Akshaye Khanna in his cop avatar has real swag, but since the brief seemed to be to focus on Sridevi, some of his scenes with her fall flat. He is all-serious, and intermittently sarcastic with his one raised eyebrow. He tells Devaki that as much as he hates criminals, he also hates people who do his job for him. He is believable then. But when he helps Devaki towards the end of the movie – only willing suspension of legal disbelief can save the day.
It is a pleasure to see Khanna and Nawazuddin argue it out. It, however, would have been stunning to see this movie being played out from Matthew Francis' perspective.
DK is one of Nawazuddin's brilliant new additions to his acting repertoire. With the terrible wig, buck teeth, and seedy sunglasses, he nails it with his subtleties. The way he licks his lips, and cracks his one-liners underlines his immense acting abilities. But most importantly, he makes his character the most believable one of the lot with only one look – the way he looks at his daughter.
Ab bass... khattam karo
The primary problem with Mom is the way it stumbles to an end. The story is wrapped up, the loose ends are tied and there is happiness etc. But it is a hurried hot mess. It almost seems that with the last criminal dead, the director ran out of patience and film.
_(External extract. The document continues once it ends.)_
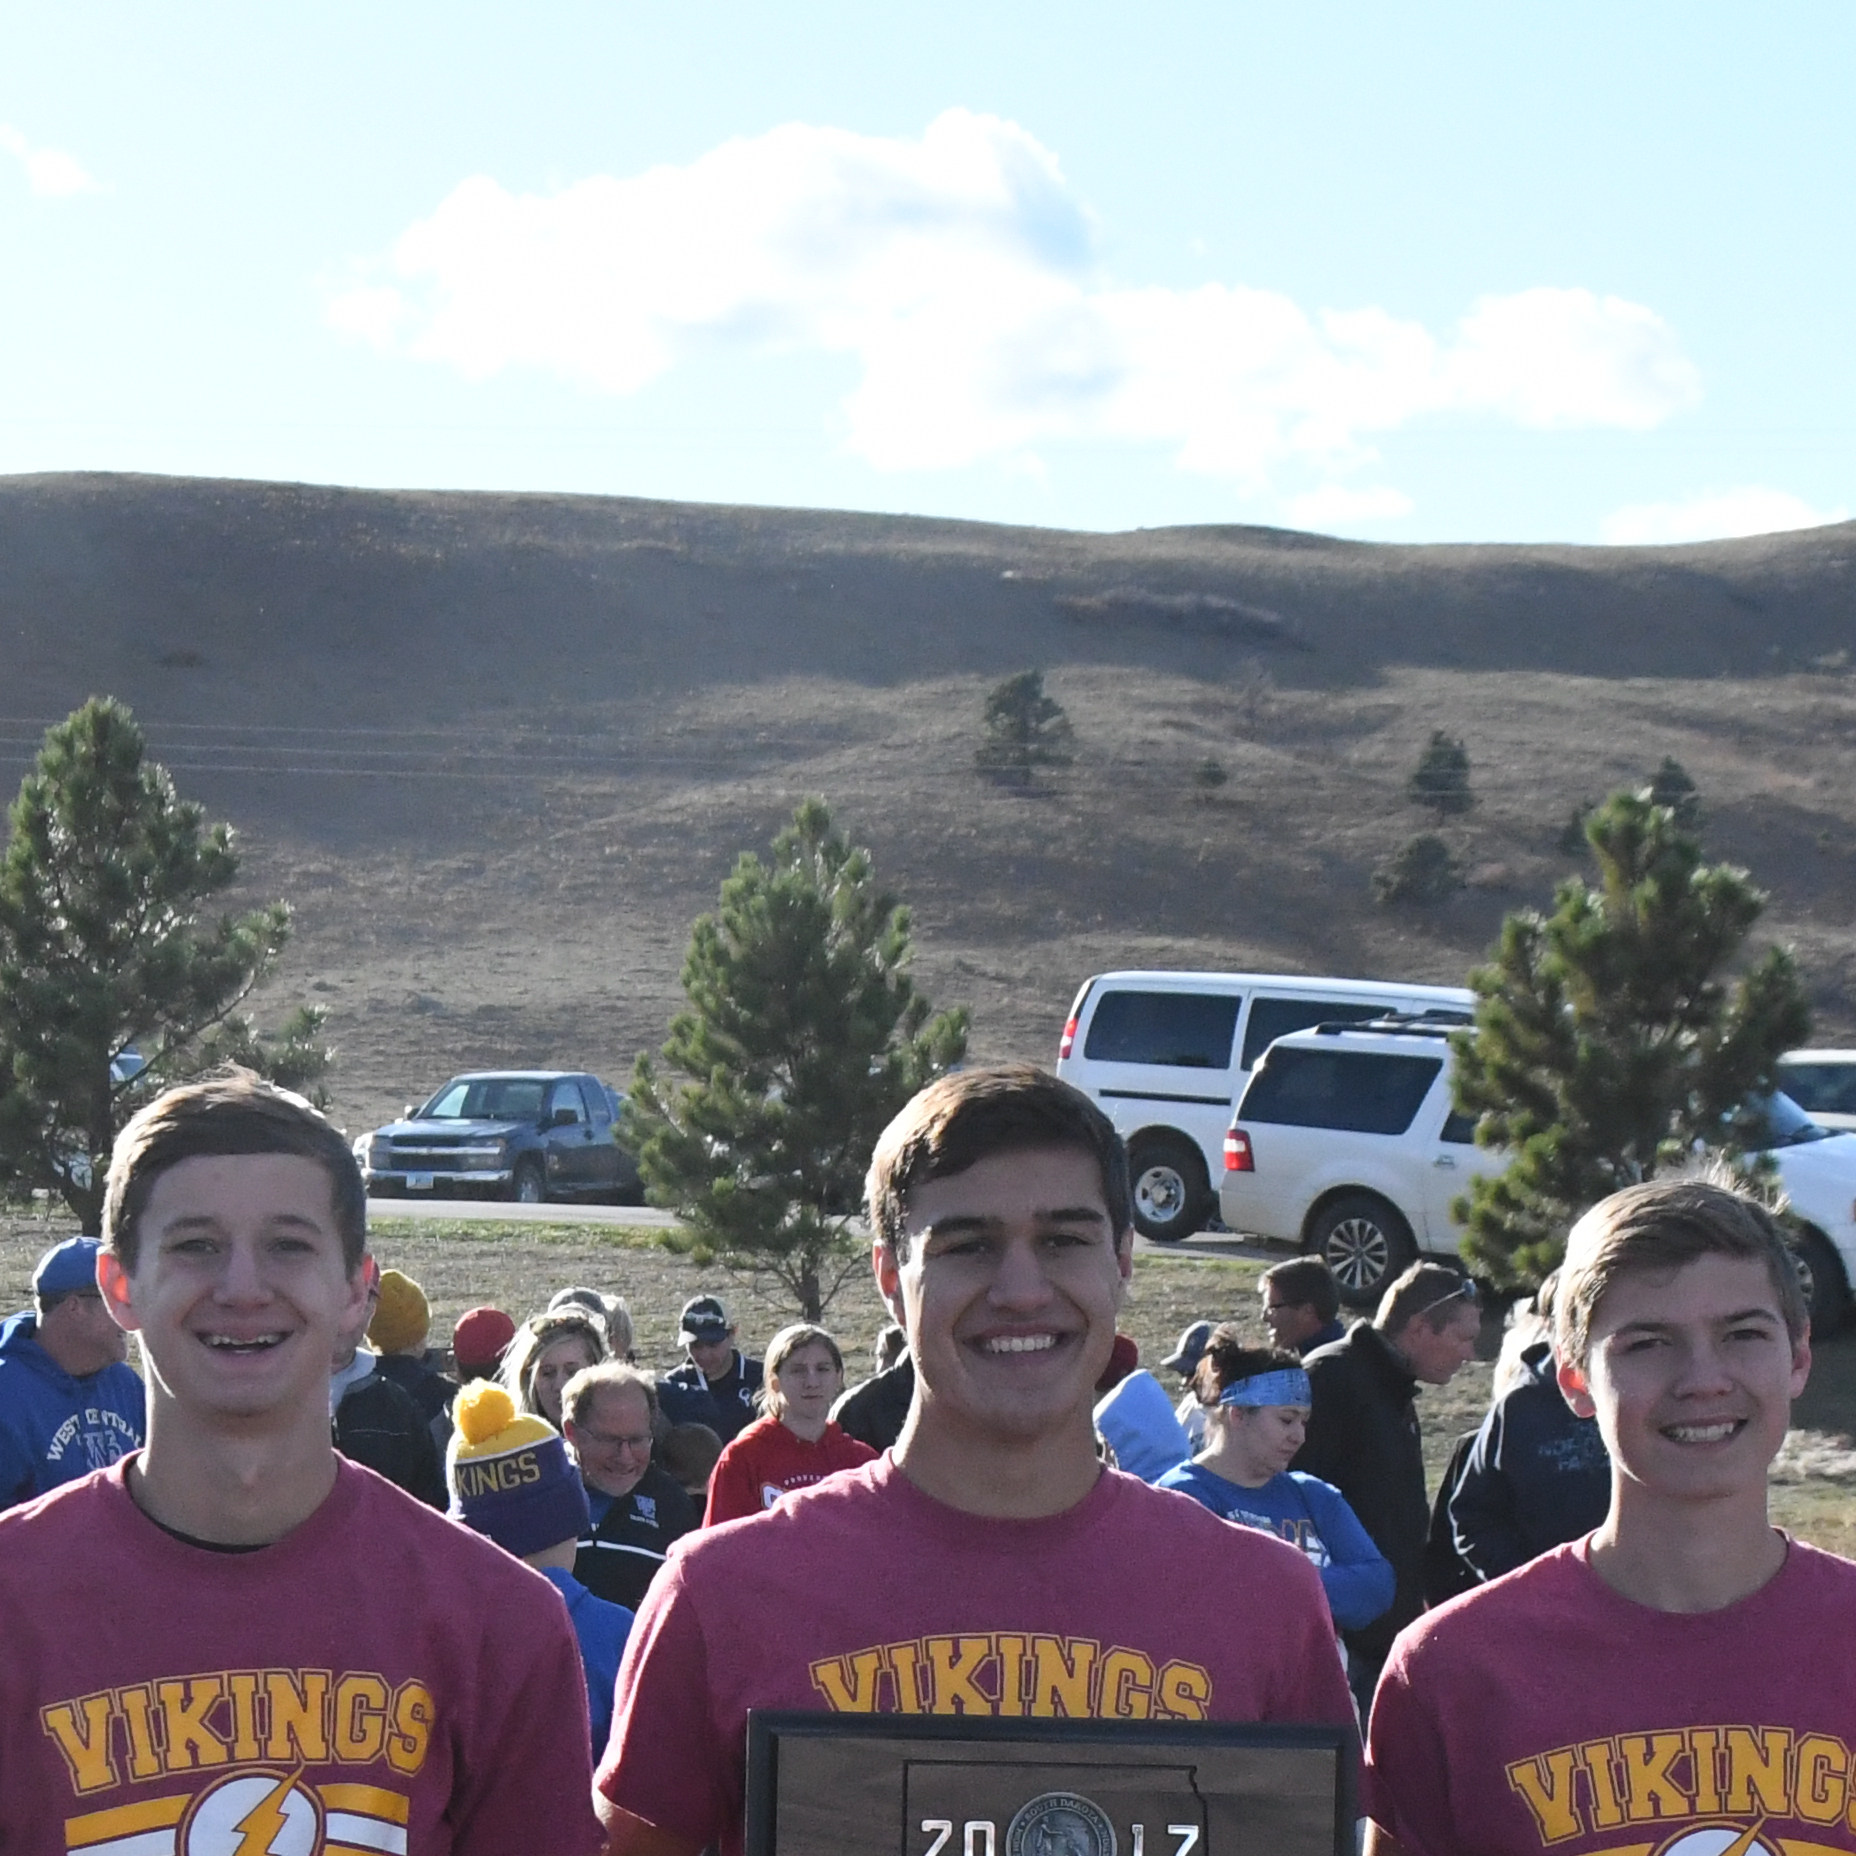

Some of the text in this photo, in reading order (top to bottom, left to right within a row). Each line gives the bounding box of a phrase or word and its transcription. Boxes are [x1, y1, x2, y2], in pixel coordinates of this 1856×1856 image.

[47, 1414, 81, 1460] WEST
[809, 1631, 1213, 1721] VIKINGS
[39, 1668, 436, 1797] VIKINGS
What Mom does not delve into is the morality debate. The debate about young girls drinking at parties and having sex, something that Pink brought up. In Mom, this is brought up only once by a lawyer and a policewoman. The judge firmly tells the lawyer not to 'character assassinate'.
But the movie is not about that, so we can let this pass. The only thing pushing Devaki through her revenge-spree seems to be her belief that it is the only thing that can fix her relationship with Arya. Almost a mother-daughter bonding exercise, if you will. The fact that Arya only calls her 'mom' when she learns about what Devaki did for her, also does not help the case.
Arya's lack of agency is disturbing – she is first just a daughter whose difficult relationship with her stepmother is never explored beyond her telling her father that he looks handsome to get him to agree to things. Then she is the rape victim, she cries in the shower as her mom turns on superhero mode. She doesn't get to say or do much.
Trouble in the tail
The most basic problem with Mom lies in the fact it endorses that concept of people taking law in their own hands because the system failed them.
Devaki tells Matthew – “Kuch nahin hoga, yeh phir se hoga (Nothing is going to happen to them, it will happen again).” You can collectively go 'WTF', or you can cheer unenthusiastically inside.
You won't mind watching Mom because of the actors. The background score is great, the songs are non-intrusive – thank you, AR Rahman. But that's where it ends. It doesn't make you feel things. It should have, it also could have.